* _The task_
Check each line of the entries below for the string "UTAH" and state how many lines have it, with no other text.

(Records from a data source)
═══
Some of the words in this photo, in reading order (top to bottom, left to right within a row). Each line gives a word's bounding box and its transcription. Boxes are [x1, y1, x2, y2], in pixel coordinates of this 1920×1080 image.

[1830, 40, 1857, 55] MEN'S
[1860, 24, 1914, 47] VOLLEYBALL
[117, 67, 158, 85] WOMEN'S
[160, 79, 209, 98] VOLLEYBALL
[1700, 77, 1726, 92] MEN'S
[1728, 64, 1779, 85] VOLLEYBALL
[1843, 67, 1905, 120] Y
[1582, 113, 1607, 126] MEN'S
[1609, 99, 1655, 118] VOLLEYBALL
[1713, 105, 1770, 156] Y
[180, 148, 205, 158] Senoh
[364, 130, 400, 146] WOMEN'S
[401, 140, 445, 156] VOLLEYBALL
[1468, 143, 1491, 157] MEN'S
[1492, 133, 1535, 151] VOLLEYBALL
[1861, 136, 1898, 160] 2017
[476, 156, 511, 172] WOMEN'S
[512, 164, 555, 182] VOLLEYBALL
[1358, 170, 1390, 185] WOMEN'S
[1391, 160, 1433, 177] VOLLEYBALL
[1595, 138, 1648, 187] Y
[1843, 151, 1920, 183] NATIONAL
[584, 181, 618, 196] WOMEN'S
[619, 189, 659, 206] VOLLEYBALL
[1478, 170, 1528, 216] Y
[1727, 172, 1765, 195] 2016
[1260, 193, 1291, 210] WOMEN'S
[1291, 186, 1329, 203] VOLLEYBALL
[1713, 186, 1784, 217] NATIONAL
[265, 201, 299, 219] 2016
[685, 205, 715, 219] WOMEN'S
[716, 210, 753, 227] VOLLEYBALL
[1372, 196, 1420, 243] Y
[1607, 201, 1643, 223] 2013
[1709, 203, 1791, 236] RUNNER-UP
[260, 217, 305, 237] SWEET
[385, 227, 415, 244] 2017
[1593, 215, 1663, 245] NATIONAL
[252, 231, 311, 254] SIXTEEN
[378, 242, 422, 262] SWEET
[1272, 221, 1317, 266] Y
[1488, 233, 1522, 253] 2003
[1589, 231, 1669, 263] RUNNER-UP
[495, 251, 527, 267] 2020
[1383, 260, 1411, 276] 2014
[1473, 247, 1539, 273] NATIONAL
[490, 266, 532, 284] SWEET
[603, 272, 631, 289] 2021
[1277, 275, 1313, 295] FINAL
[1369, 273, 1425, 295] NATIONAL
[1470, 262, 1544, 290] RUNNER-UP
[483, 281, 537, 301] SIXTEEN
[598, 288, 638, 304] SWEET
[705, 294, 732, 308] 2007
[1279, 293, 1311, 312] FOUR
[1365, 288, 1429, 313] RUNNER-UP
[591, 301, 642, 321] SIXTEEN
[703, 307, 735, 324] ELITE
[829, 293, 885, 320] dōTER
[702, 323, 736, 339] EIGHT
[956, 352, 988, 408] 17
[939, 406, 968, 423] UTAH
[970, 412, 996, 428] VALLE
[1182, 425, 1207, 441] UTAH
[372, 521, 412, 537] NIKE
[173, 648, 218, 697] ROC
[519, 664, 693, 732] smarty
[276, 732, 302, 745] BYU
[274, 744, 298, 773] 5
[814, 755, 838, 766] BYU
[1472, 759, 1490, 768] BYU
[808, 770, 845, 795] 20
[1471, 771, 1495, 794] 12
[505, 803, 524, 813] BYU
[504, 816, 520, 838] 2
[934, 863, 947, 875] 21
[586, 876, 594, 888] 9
═══
* _Task result_
2